Agencies are often asked this question: If advertising is so effective, why don't you advertise?
The answer they usually give is this: Our potential customer group (target market) is so small that mass market advertising is imprudent. Instead we use marketing techniques that are more productive for a company like ours that needs to talk to a very small group of prospects one at a time.
This semi-baloney usually satisfies the questioner.
But this excuse only holds up because of the expense of traditional advertising. The same excuse can't be invoked for their lack of effective use of social media or content marketing. That stuff is "free."
Agencies are constantly haranguing their clients about the need to harness the magic of social media and content marketing -- and the expertise they can deliver if the client will just pay them to do it -- and yet the social media and content marketing efforts of agencies for themselves is somewhere between pathetic and non-existent.
Blogs are a perfect example. I recently checked two websites that measure the popularity of advertising and marketing blogs. (As you would expect with online metrics, the lists are alarmingly inconsistent -- on one list this blog is #21 on another it's #55.)
But here's the amazing thing. Put both lists of top 50 advertising and marketing blogs together and you find exactly one agency blog. One.
Now if I'm not mistaken, agencies are supposed to be the experts at social media and content. I mean, companies pay them handsomely to produce this stuff.
Considering that virtually every agency in the universe has some kind of blog, and considering their unique expertise at producing "compelling content" and their amazing online marketing skills, you'd think agencies would dominate the lists of advertising and marketing blogs.
Why don't they?
There are only two possible explanations. The first is that they are not competent to create anything that anyone wants to read. I doubt that this is the reason.
I think the real reason is the second possibility -- they're full of shit.
They tell their clients to invest in the awesome power of social media and content marketing, but they are unwilling to do it themselves. They won't spend their own time and money on this magic, but they're eager to spend their clients'.
Apparently what's good for the goose is not good for the gander. After all, the goose lays golden eggs.
Great piece. Sadly, I think area you are rather generous. I know of several content agencies that are incapable of producing anything worth reading. They are also, incidentally, full of shit. I'm not all agencies are so poor of course. Some are superb, but still have rubbish blogs.
ReplyDeleteI agree in part, but the other part is that as agencies have slimmed down there's no non-billable time available to write these blogs. Having someone putting in time to write without it going on an invoice? That stuff will get you laid off these days.

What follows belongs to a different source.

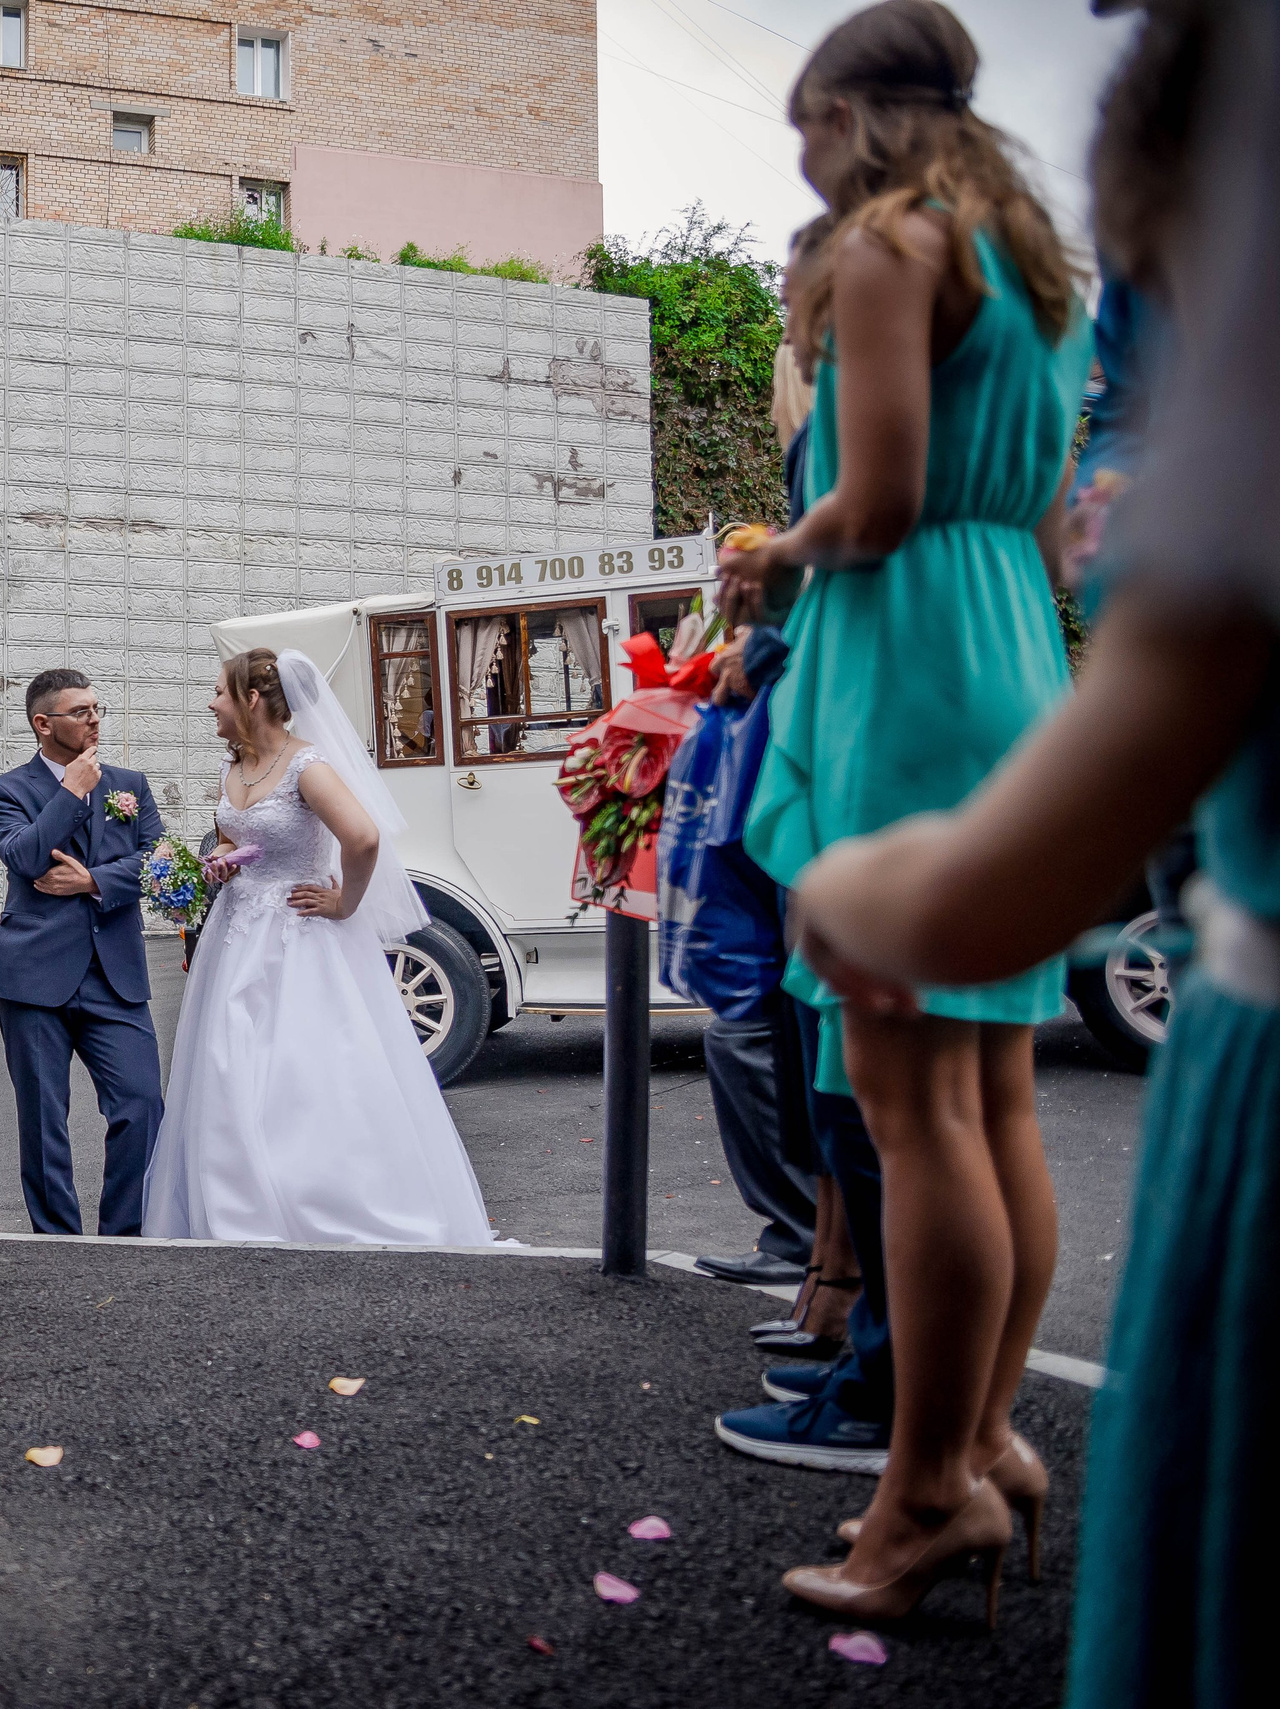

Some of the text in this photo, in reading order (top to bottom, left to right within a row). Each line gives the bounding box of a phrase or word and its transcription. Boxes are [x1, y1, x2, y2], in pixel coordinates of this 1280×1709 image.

[447, 545, 685, 592] 8 914 700 83 93

ReplyDeleteWhy would anyone want to read about superfluous crap about brands, conversations, value streams and agency culture that includes microbrews and dogs at work.
ReplyDeleteOh, wait. That's what everyone who writes about advertising writes about . . . except you, and of course, George.
I agree with Jay here. I think the major reason agencies don't invest too much time in this is because of the "non-revenue generating" resources they have to allocate for this kind of work. Consider a situation where those resources will be working on agency's blog rather than doing work for any of their clients which can generate income. Nobody would want that situation!